The NHL could face a frosty reception from fans when the season kicks off next week after an acrimonious lockout that cost the league a lot of good will.

So says Brian Cooper, a partner at sports management firm S & E Sponsorship Group, appearing Monday on the CBC's Lang & O'Leary Exchange.

Cooper's firm represents corporate partners that are eager to associate themselves with the game of hockey in Canada, the U.S. and abroad.

"They're relieved the game is back," Cooper said. "But there's caution as to how do you re-enter the market."

The NHL wiped out about half of its season in a four-month lockout over how to share revenues, before the league and its players reached a deal last weekend.

Fans seem likely to return to the game to some degree, but for the league's corporate partners, it might be a tricky dance of how best to market themselves with an entity that's facing some hostility.

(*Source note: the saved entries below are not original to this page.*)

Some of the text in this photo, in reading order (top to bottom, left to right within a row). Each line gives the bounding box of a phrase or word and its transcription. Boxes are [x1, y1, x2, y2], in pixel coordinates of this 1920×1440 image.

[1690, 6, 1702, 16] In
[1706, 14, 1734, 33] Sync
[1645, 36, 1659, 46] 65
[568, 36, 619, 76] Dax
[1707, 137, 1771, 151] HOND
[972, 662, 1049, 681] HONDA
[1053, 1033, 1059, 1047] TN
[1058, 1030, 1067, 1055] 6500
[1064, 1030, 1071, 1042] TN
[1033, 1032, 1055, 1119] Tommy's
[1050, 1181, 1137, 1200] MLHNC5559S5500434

"Some will be more aggressive than others," Cooper said.

Sharing a passion

Most of Cooper's clients — and other corporations — are unlikely to boycott the league in any material way, because they mainly have long-standing, multi-year agreements in place.

And ultimately, they want to associate themselves with the league, long-term.

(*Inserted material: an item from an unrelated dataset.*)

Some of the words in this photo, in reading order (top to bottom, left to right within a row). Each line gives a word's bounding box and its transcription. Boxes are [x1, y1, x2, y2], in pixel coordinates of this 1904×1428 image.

"That's the reason they went into it," Cooper said. "They were sharing a passion for the game."

His advice boils down to focusing on the individual teams and players as opposed to the corporate entity of the NHL itself, because that's what fans have positive associations with.

"There's a big difference between the league and the Leafs," he said. "[But] they're going to have to do something special promotionally to win those fans back."